#### Material to process:
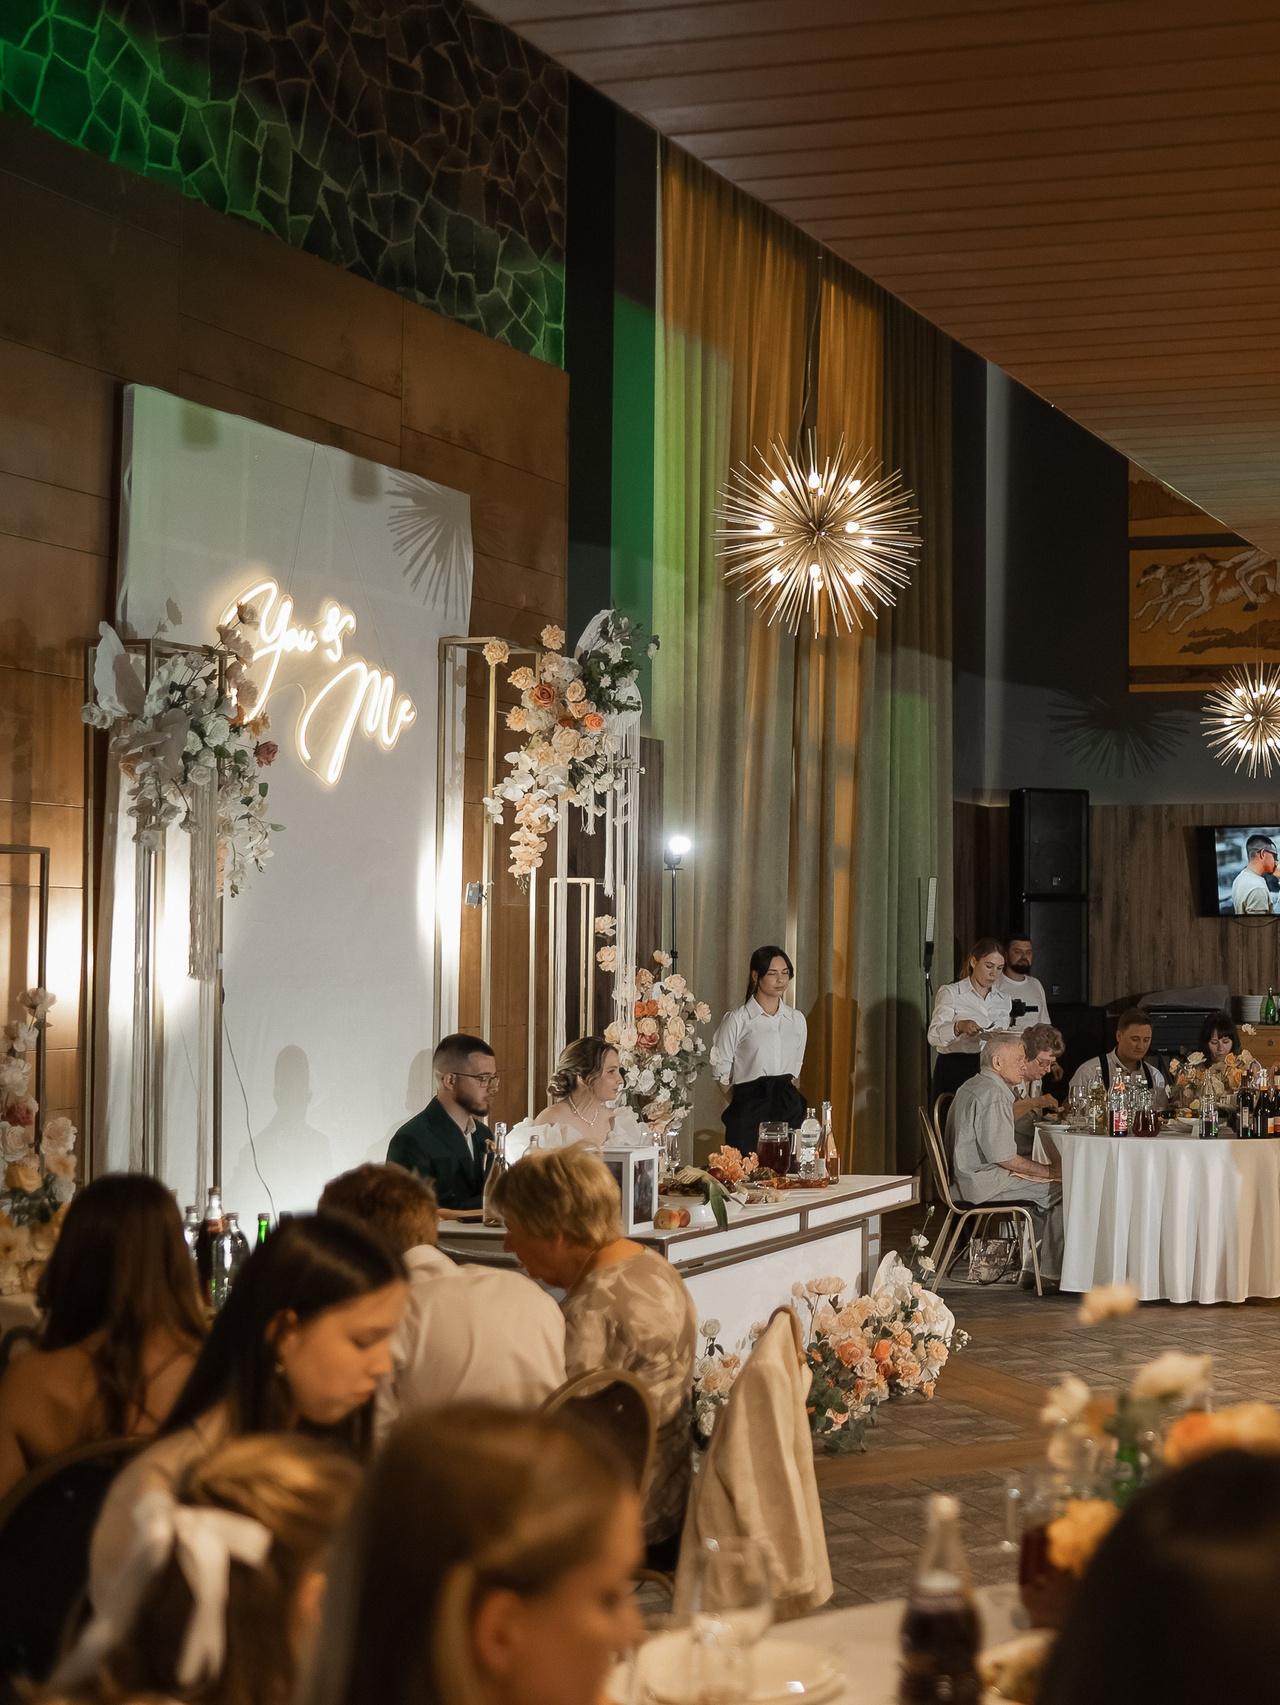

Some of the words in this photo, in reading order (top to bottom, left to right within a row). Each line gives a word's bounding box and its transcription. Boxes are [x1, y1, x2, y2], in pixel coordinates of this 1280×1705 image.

[219, 580, 318, 725] You
[321, 605, 356, 662] &
[300, 661, 416, 785] Me
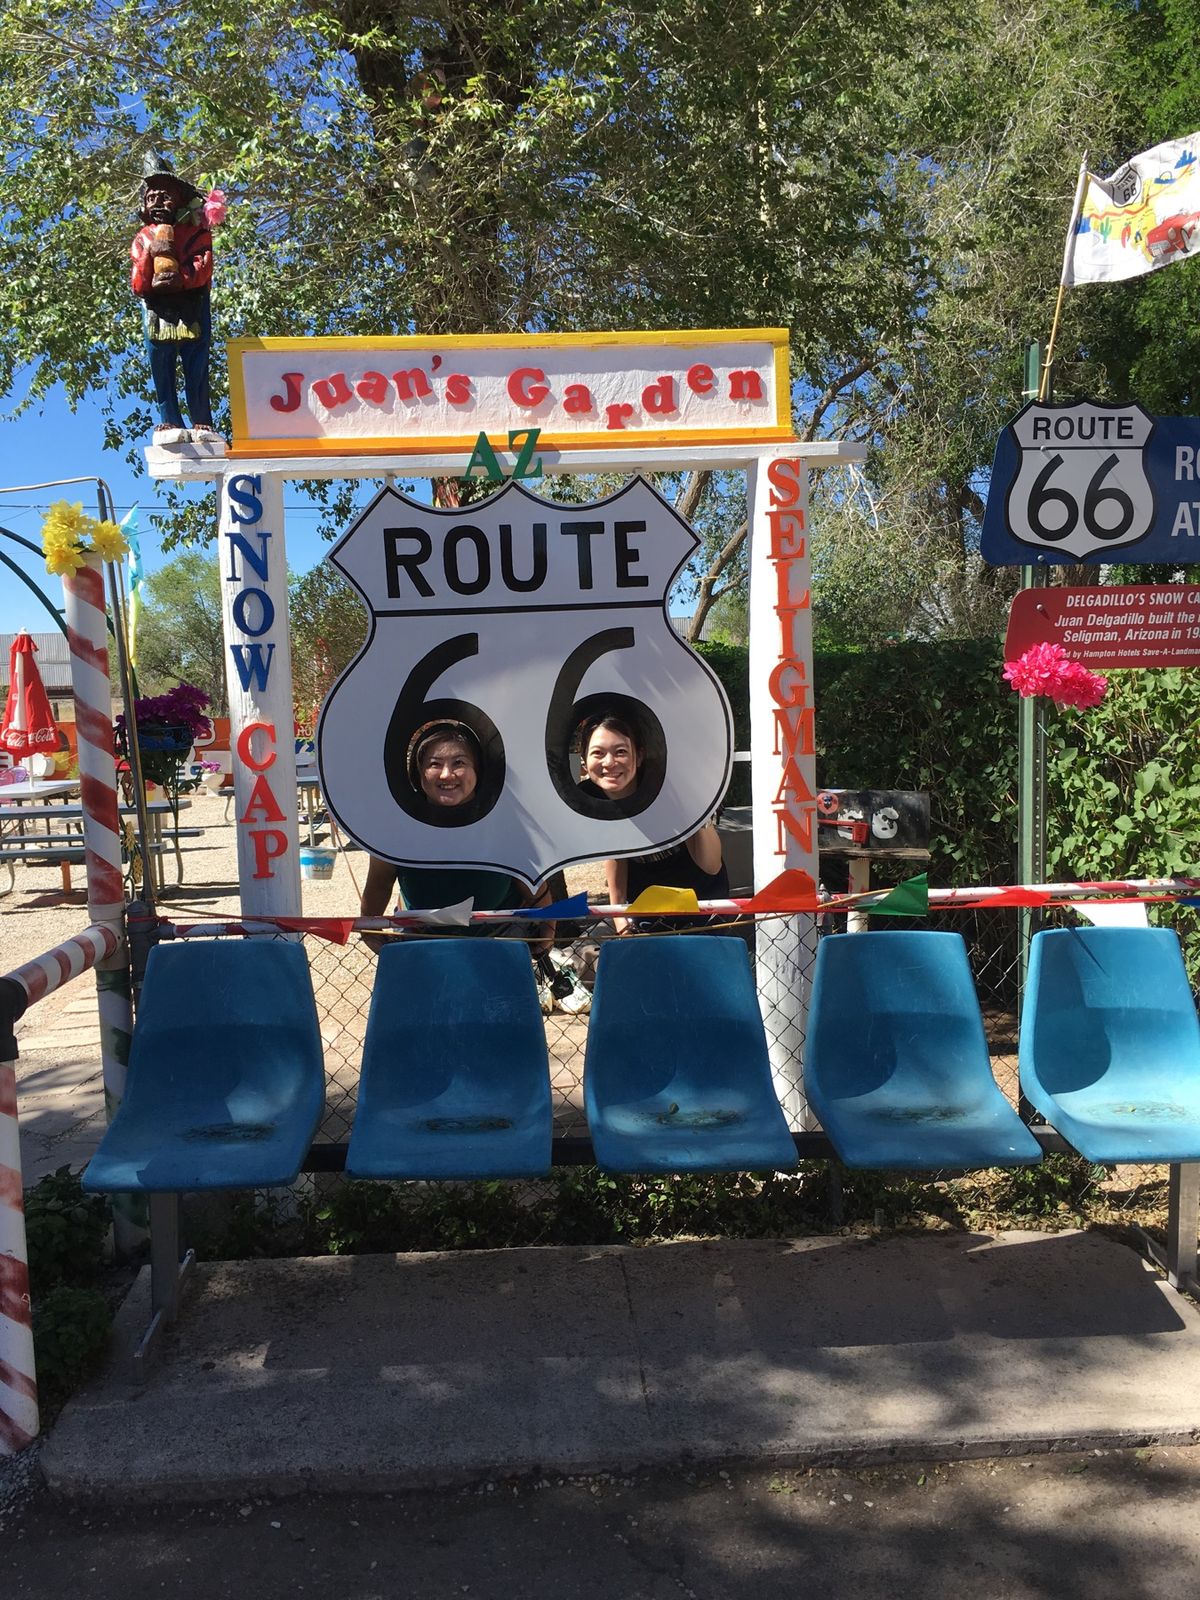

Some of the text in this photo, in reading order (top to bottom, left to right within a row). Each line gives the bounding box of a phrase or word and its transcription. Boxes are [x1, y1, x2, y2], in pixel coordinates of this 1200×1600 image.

[269, 355, 764, 431] Juan's Garden
[459, 427, 543, 481] AZ
[1032, 416, 1134, 440] ROUTE
[1175, 446, 1200, 481] R
[1027, 453, 1135, 541] 66
[224, 473, 276, 693] SNOW
[383, 521, 649, 598] ROUTE
[1054, 611, 1195, 628] Juan Delgadillo built the
[1066, 592, 1146, 607] DELGADILLO'S
[1149, 592, 1184, 605] SNOW
[765, 459, 816, 856] SELIGMAN
[1063, 626, 1200, 644] Seligman, Arizona in 19
[1072, 650, 1081, 659] by
[1084, 649, 1116, 658] Hampton
[1118, 648, 1140, 657] Hotels
[383, 626, 668, 829] 66
[237, 722, 289, 881] CAP
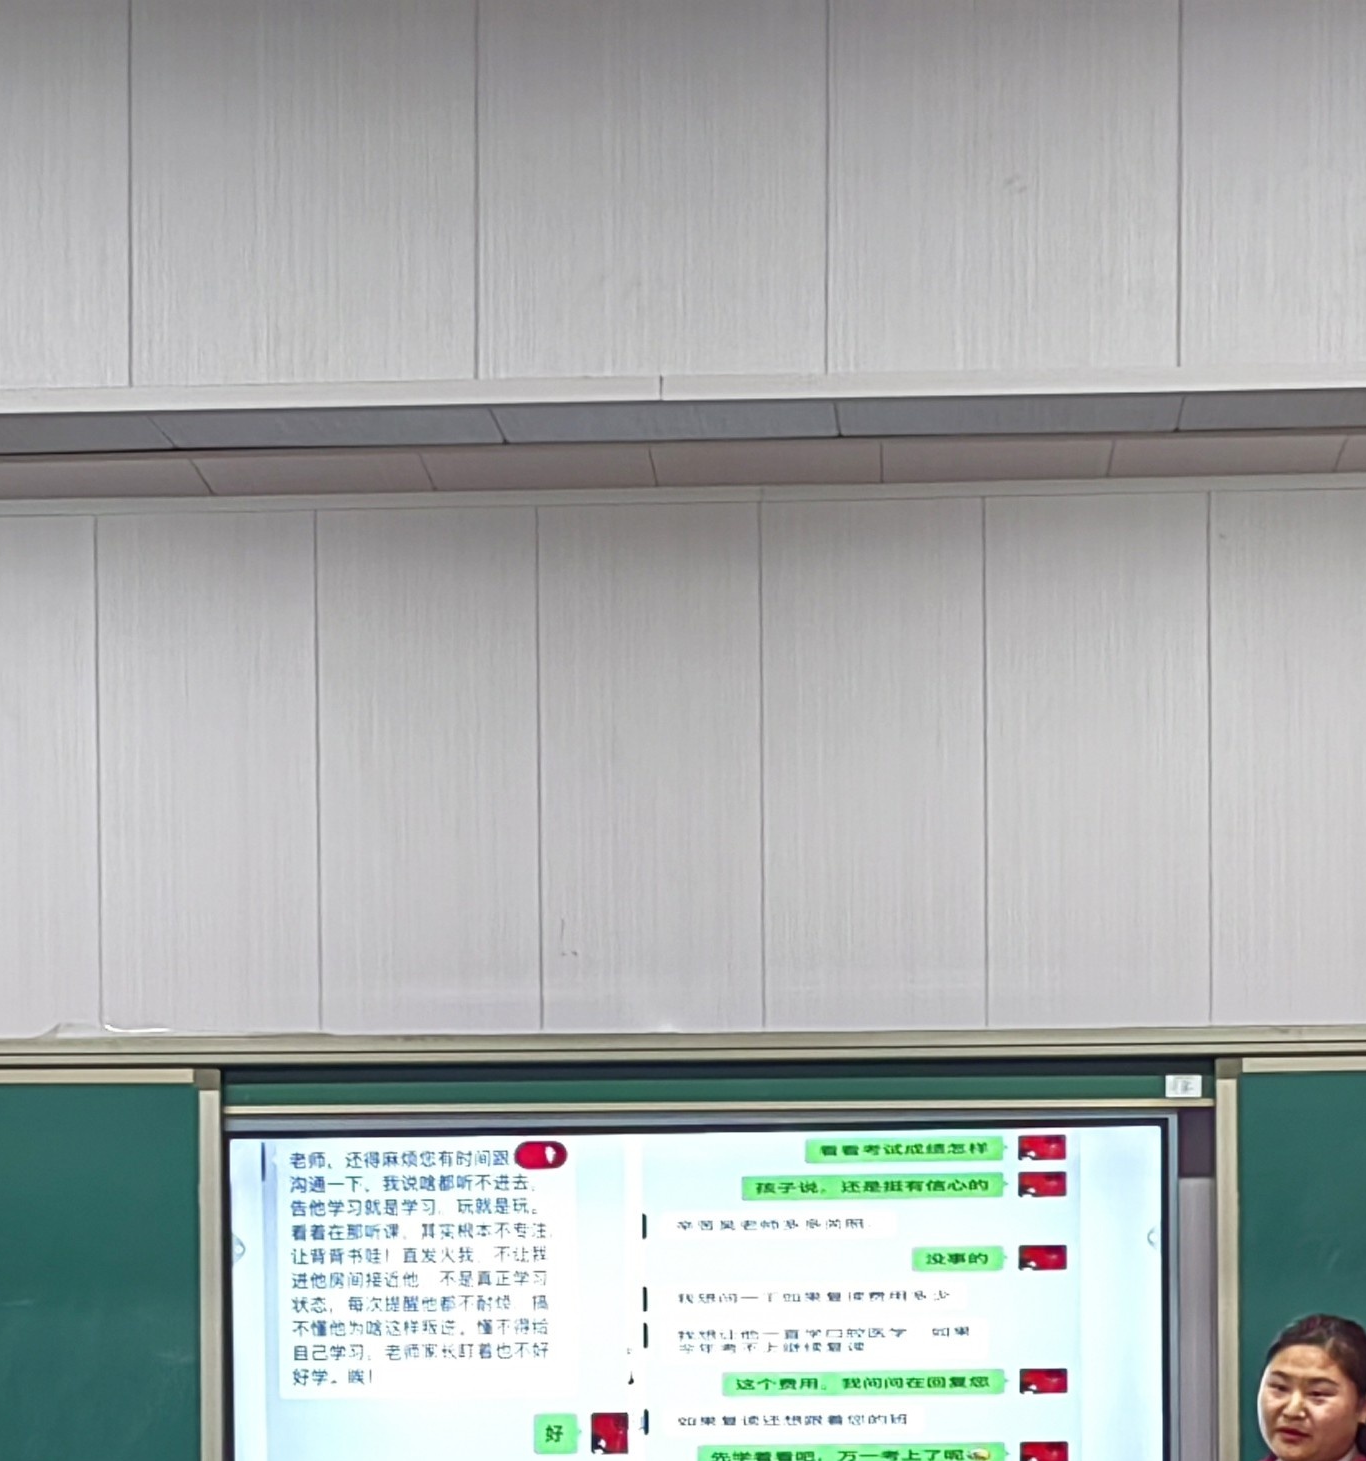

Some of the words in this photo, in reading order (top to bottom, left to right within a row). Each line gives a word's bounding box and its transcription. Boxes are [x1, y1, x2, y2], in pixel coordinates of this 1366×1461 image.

[926, 1252, 989, 1265] 没事的
[545, 1424, 564, 1443] 好

#### What you have to do:
Write every line above out again exactly; pictures do not belong in the copy.

#### Solution to the problem:
Some of the words in this photo, in reading order (top to bottom, left to right within a row). Each line gives a word's bounding box and its transcription. Boxes are [x1, y1, x2, y2], in pixel coordinates of this 1280×1705 image.

[219, 580, 318, 725] You
[321, 605, 356, 662] &
[300, 661, 416, 785] Me

Some of the text in this photo, in reading order (top to bottom, left to right within a row). Each line gives the bounding box of a phrase or word and its transcription. Boxes are [x1, y1, x2, y2], in pixel coordinates of this 1200×1600 image.

[269, 355, 764, 431] Juan's Garden
[459, 427, 543, 481] AZ
[1032, 416, 1134, 440] ROUTE
[1175, 446, 1200, 481] R
[1027, 453, 1135, 541] 66
[224, 473, 276, 693] SNOW
[383, 521, 649, 598] ROUTE
[1054, 611, 1195, 628] Juan Delgadillo built the
[1066, 592, 1146, 607] DELGADILLO'S
[1149, 592, 1184, 605] SNOW
[765, 459, 816, 856] SELIGMAN
[1063, 626, 1200, 644] Seligman, Arizona in 19
[1072, 650, 1081, 659] by
[1084, 649, 1116, 658] Hampton
[1118, 648, 1140, 657] Hotels
[383, 626, 668, 829] 66
[237, 722, 289, 881] CAP

Some of the words in this photo, in reading order (top to bottom, left to right within a row). Each line gives a word's bounding box and its transcription. Boxes are [x1, y1, x2, y2], in pixel coordinates of this 1366×1461 image.

[926, 1252, 989, 1265] 没事的
[545, 1424, 564, 1443] 好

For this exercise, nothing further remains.